And there had been simple assent to the obvious.
He gazed at the therapist’s diplomas displayed on the wall. Like Jenny’s Brownie sash of merit badges. The grief counselor pitched and touted her service, her young, unlined face a permanent, kindly smiling mask. “There are formulas, methods and tips for making one’s way through death of a child. Occasional sense of loss is a normal part of life.”
He nodded in agreement with the therapist’s pronouncements but saw nothing normal about Genevieve’s death. He remembered dropping her off at school, how she puckered, not so much to be kissed on the cheek as to kiss, to be the one giving love. She had that: love to give others. And at eight years old she’d still a whole life ahead of her. He was giving polite attention to the psychologist yet thought, No. She doesn’t know. She’s expert from academic preparation. Rather than depend on her counsel he’d probably have to figure out, grow his own wisdom. Then, the poor, naive therapist in careless speech used the word “closure.” Alma flared out of shock’s tranquil bounds. “Closure? There is no closure! The living being from within my womb, a part of me, vanished! How can you say such a thing? The senseless death of my child?”

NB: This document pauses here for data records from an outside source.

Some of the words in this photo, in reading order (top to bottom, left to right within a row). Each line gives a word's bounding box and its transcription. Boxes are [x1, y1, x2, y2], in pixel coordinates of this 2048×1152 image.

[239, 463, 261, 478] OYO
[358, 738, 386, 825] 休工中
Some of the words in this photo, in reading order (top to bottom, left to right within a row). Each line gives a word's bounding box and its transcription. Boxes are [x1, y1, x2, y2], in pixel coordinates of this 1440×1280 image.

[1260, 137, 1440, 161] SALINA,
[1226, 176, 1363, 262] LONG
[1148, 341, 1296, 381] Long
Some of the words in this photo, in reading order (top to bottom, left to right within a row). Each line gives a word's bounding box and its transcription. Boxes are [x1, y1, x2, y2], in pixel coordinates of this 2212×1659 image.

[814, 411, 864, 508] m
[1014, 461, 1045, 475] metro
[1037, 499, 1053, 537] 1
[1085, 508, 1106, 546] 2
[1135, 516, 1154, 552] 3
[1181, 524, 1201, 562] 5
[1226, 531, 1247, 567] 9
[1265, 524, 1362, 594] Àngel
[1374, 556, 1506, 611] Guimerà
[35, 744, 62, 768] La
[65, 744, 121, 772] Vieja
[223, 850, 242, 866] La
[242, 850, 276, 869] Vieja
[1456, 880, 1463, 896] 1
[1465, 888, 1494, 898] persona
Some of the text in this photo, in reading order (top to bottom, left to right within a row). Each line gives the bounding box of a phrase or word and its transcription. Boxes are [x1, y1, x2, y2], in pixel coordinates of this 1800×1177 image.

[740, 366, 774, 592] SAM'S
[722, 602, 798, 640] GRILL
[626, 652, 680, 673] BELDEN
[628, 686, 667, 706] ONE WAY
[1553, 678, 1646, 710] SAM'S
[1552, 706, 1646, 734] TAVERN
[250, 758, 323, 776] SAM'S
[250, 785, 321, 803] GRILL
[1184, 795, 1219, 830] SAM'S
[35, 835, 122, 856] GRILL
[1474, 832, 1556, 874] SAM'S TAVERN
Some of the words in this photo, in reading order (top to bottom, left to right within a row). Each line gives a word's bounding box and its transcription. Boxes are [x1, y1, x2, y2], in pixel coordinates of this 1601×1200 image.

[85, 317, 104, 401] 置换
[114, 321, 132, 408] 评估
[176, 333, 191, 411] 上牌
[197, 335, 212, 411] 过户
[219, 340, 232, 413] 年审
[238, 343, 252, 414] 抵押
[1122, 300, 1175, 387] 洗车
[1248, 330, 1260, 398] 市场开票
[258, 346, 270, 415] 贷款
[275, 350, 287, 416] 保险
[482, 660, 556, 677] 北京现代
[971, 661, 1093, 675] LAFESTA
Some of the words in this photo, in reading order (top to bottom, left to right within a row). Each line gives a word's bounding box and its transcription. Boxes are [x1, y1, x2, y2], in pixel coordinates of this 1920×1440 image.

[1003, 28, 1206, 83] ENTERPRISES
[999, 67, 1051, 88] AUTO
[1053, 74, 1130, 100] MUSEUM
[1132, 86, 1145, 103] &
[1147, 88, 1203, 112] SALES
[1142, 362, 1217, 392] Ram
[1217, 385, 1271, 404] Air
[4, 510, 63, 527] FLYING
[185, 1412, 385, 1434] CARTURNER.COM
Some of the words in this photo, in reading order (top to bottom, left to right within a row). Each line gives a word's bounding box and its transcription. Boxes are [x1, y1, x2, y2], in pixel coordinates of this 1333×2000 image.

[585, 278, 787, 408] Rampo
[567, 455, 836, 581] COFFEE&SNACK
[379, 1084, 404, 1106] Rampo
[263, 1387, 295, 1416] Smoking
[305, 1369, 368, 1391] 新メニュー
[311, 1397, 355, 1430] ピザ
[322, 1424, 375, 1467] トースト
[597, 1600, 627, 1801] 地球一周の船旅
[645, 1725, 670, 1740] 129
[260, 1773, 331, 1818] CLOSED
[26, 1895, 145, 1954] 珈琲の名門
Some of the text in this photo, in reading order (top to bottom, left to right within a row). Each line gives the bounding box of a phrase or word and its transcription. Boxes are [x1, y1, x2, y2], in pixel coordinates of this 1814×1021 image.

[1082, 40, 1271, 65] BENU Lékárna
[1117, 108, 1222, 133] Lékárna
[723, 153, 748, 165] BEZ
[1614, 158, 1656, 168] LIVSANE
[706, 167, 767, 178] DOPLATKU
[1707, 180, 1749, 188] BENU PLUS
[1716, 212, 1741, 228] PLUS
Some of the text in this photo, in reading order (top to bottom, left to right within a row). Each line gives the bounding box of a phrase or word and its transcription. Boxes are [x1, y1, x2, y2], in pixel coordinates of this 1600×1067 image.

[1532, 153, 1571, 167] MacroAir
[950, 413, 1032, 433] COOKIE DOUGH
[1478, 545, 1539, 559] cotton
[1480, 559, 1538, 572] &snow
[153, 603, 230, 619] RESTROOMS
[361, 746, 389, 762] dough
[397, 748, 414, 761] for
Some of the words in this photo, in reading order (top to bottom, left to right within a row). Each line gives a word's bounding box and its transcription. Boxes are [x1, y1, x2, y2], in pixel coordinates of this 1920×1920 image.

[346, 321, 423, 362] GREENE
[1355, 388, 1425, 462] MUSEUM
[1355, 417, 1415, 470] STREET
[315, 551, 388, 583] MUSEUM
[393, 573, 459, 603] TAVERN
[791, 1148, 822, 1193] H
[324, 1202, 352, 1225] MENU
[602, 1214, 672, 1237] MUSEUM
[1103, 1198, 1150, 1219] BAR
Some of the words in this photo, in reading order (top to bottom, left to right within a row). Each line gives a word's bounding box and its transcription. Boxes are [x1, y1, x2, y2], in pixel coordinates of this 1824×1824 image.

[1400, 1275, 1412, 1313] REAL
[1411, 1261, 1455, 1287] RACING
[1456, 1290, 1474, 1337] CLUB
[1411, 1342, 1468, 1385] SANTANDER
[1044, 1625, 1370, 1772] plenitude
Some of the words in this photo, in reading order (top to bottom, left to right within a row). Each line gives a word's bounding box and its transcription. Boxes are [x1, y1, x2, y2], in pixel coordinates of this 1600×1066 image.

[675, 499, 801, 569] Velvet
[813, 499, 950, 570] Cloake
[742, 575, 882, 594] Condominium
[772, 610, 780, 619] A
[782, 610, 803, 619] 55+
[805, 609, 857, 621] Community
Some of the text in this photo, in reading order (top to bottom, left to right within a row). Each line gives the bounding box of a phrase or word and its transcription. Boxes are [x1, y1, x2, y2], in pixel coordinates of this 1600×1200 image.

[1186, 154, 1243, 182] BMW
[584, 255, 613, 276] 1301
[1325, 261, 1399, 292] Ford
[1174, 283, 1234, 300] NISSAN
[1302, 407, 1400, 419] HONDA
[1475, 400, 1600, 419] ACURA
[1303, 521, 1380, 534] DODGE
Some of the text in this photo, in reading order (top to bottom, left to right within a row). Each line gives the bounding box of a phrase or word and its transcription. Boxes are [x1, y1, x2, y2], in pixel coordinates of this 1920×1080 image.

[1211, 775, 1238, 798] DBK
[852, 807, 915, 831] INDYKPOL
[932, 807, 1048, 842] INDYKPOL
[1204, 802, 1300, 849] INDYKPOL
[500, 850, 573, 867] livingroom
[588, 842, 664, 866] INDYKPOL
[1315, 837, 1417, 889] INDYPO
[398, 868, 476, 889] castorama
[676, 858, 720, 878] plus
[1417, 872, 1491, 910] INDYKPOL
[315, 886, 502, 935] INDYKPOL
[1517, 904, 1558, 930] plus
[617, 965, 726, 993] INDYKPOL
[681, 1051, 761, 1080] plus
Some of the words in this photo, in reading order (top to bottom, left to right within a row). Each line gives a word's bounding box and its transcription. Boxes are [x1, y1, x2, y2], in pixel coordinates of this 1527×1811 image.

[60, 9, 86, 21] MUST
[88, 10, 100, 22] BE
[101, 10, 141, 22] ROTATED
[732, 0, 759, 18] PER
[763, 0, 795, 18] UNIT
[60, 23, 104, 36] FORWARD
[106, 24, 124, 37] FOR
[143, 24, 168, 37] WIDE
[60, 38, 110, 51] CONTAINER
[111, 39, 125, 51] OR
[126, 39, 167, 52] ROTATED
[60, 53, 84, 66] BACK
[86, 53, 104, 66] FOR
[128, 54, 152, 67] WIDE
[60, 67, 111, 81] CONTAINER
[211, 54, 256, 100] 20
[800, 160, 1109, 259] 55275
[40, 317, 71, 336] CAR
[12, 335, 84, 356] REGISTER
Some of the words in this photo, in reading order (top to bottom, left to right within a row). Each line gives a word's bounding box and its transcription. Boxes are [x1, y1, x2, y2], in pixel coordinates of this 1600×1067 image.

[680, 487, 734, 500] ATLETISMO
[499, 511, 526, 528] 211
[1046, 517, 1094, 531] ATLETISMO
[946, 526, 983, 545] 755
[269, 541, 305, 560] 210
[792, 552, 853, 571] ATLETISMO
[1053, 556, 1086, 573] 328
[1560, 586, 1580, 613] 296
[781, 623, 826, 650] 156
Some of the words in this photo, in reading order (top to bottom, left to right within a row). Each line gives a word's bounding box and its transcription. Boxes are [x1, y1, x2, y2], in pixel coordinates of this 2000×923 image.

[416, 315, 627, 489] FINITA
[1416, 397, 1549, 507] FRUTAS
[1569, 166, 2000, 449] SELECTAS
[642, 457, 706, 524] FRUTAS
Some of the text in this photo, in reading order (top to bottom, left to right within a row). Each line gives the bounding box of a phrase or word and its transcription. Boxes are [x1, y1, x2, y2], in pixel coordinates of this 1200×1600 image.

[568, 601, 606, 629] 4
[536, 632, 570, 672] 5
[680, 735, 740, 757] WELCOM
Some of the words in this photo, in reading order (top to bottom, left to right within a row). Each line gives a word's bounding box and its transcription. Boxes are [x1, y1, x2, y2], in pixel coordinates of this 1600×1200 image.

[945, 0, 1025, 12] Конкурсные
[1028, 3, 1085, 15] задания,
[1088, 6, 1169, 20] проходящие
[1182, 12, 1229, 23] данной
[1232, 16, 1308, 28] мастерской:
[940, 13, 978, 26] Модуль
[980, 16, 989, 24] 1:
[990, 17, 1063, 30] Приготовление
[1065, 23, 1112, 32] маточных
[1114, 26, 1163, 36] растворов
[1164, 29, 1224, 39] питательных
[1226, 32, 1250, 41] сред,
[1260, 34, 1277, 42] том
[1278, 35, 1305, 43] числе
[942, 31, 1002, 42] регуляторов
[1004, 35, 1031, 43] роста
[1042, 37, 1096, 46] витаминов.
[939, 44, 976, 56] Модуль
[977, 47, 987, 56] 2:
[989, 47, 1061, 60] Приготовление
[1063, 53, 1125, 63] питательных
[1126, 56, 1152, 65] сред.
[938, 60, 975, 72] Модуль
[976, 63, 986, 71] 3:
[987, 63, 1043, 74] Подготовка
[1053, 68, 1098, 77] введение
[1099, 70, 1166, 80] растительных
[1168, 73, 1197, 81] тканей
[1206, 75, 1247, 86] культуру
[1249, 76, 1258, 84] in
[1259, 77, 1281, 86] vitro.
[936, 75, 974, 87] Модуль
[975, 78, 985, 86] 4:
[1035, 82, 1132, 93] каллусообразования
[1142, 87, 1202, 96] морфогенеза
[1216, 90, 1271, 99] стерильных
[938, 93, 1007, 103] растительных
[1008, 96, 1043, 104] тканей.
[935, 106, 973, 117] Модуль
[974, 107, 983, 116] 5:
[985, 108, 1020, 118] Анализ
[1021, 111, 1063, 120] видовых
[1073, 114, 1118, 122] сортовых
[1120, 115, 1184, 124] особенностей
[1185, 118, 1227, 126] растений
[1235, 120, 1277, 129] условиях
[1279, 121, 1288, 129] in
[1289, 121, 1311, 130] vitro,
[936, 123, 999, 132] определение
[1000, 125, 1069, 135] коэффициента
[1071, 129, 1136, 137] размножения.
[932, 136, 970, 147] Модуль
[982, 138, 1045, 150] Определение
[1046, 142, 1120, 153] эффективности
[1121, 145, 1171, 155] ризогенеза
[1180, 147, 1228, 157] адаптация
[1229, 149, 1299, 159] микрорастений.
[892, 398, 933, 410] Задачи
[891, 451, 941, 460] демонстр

She was right. He understood. They both had a deep reserve of anger better left untapped. To deflect and ground Alma’s wrath, he softly placed his hand on her shoulder, said nothing. This young therapist was someone’s innocent daughter—but with good enough instincts to backpedal: “I mean, a better choice of words would have been that in chronic grief the survivor never lets go, doesn’t move forward in the emotions or in life. The loss remains as fresh as in the beginning…”
He admired Alma’s will to restrain rage, observed the counselor’s retreat. This kid doesn’t get it, no matter how many letters she puts after her name.
He visited Jenny’s grave, a settling mound of earth. Little grass blades sprouted through browned flowers unknown others had left. He talked to her, told her what he could tell a child, that all is well, that parents are strong, content, loving. Was it denial? Not entirely. To commune this way did some good. If it was communing; talking at the cold ground and headstone, believing he reached across to the daughter he’d talked with face-to-face so much—yet never enough. It helped, left him feeling more positive.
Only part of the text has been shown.